Le ministre était allé jusqu'à dire que "cette opération (exercice du droit de préemption, ndlr) s'inscrit dans le cadre de l'application de la loi sur les hydrocarbures en vigueur en pareil matière". Anadarko devait initialement céder ses actifs en Algérie à l'autre compagnie américaine Occidental Petroleum, lequel groupe devrait ensuite revendre ses participations dans le périmètre de Hassi Berkine au Français Total, dans le cadre d'un accord global avec Occidental Petroleum portant sur le rachat de tous les actifs africains d'Anadarko par Total.
Ce contrat n'est donc pas du goût de la compagnie publique des hydrocarbures qui, malgré des conciliabules en coulisse et le déplacement du patron de Total en Algérie, décide d'opposer son veto à la reprise par Occidental Petroleum des actifs d'Anadarko en Algérie. Sonatrach exerce ainsi son droit de préemption qui stipule, faut-il le rappeler, qu'en cas de cession d'actifs d'entreprises étrangères activant en Algérie, leur rachat revient en priorité à l'Etat algérien.
Une séquence bien connue et qui rappelle des situations rocambolesques dans lesquelles le droit de préemption a été exercé et qui a conduit à des scandales retentissants. Le cas Djezzy est encore dans les mémoires. Mais il n'est pas le seul. La répétition et les récurrences, les contradictions, la politique du deux poids, deux mesures et l'usage de la loi selon la tête du client incitent à penser que le droit de préemption n'est qu'une arme politique entre les mains des responsables.

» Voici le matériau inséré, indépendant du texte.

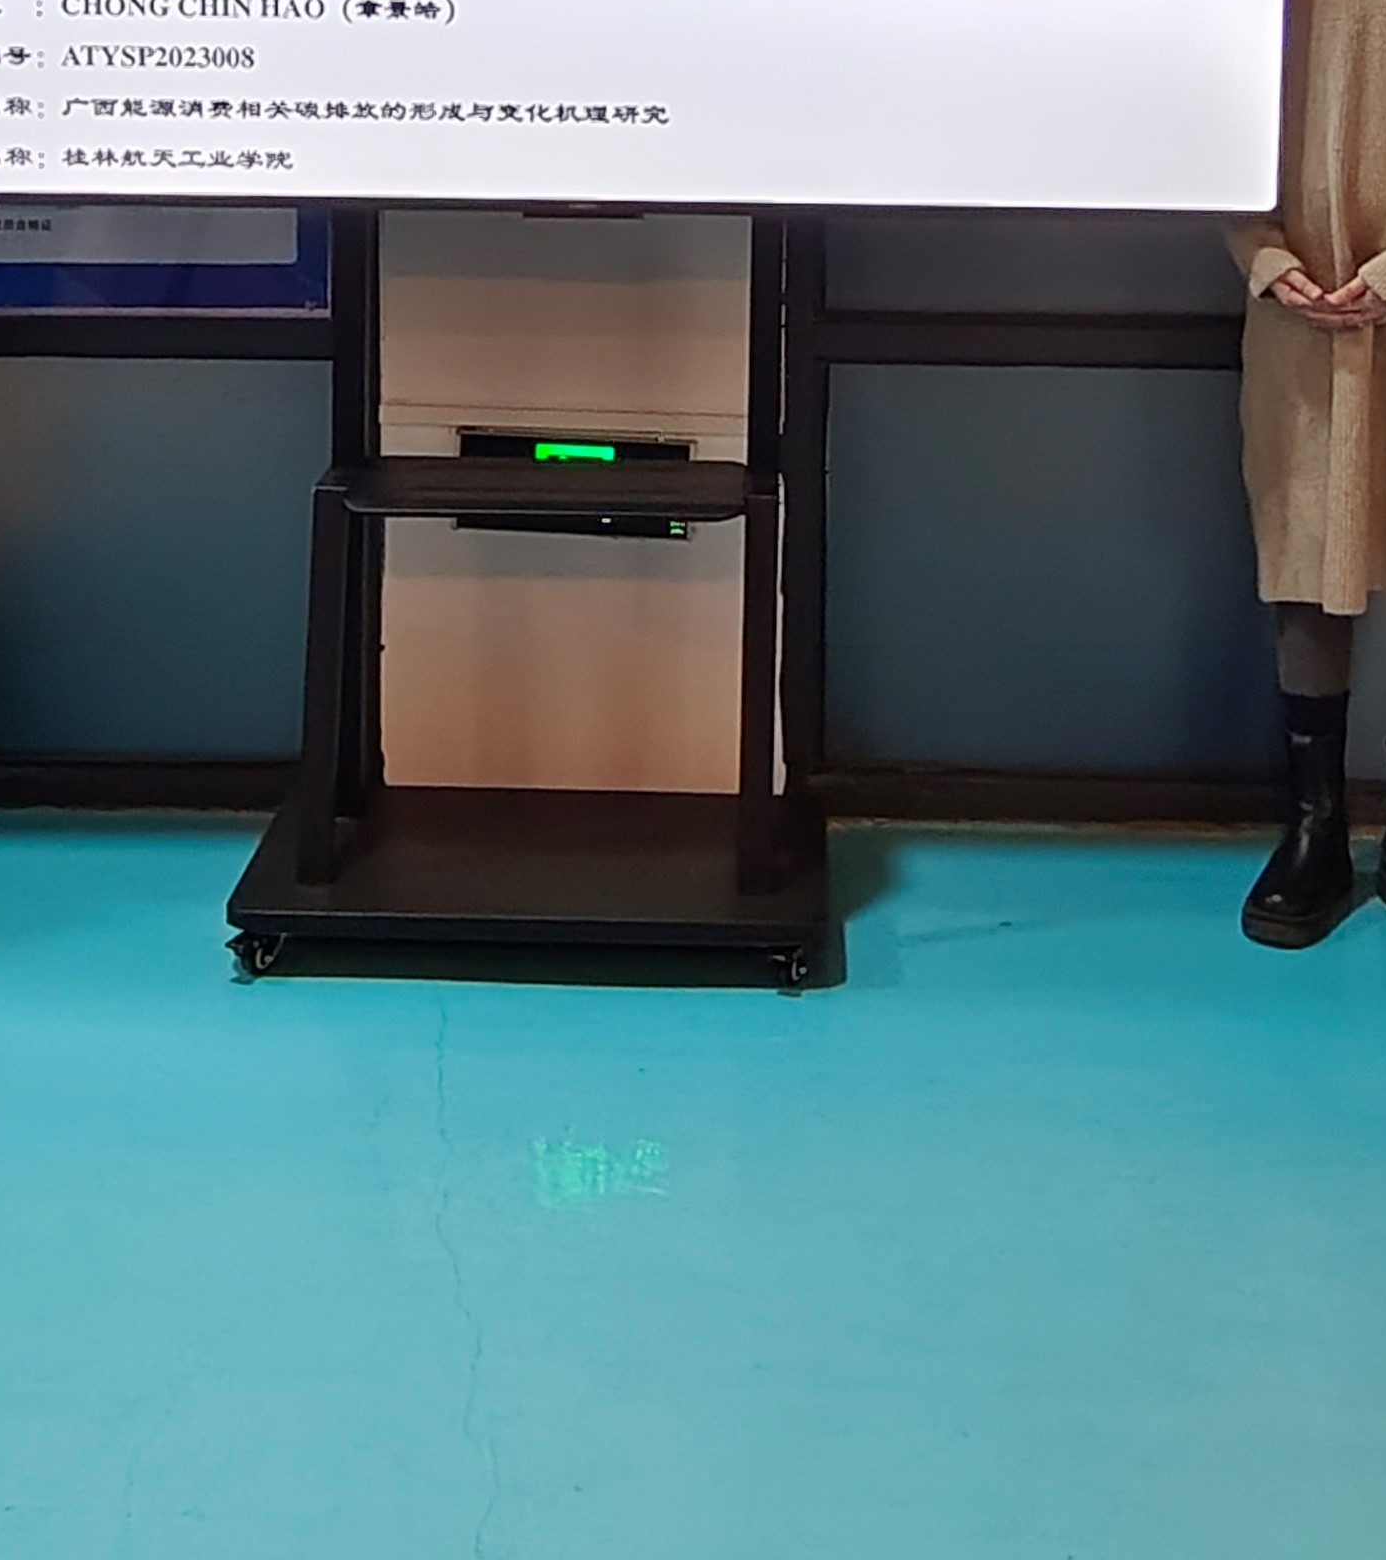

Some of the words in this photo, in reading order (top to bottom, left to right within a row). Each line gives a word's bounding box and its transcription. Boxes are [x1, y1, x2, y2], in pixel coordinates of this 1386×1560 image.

[62, 45, 256, 69] ATYSP2023008
[62, 98, 669, 124] 广西能源消费相关碳排放的形成与变化机理研究
[62, 148, 294, 170] 桂林航天工业学院

Autrement, comment peut-on expliquer son usage à coups de milliards de dollars lorsqu'il était question de racheter les parts de Sawiris dans Djezzy, le blocage de la transaction Cevital-Michelin, Cevital-NCA Rouiba et, depuis peu, la transaction Total-Occidental Petroleum, alors que la même loi n'avait pas été appliquée lorsque Wataniya Télécom Algérie avait cédé ses actifs algériens (Nedjma) à Ooredoo. Le droit de préemption était également resté muet lorsque Alver (entreprise publique de production et commercialisation d'emballage en verre) a été rachetée par le français Saint-Gobain en 2011.
Depuis peu, le groupe Haddad est entré dans le capital de Fertial en rachetant les participations de l'espagnol Vilar Mir sans que l'Etat souffle mot. Autant de contradictions qui accréditent l'idée selon laquelle ce droit, institué par la loi de finances complémentaire 2009, ne serait tout compte fait qu'un droit de veto applicable sur certains, en fonction de la tête du client. Le cas d'Anadarko pose de sérieuses interrogations sur l'applicabilité du droit de préemption, étant donné que les actifs en question ont été acquis par la compagnie américaine avant l'institution même de cette loi.
Du reste, il est à craindre que le blocage indirect de la transaction Total-Occidental Petroleum en opposant le droit de préemption sur le rachat des actifs d'Anadarko par Occidental Petroleum ne donne lieu à un arbitrage international si ledit droit venait à être exercé par Sonatrach.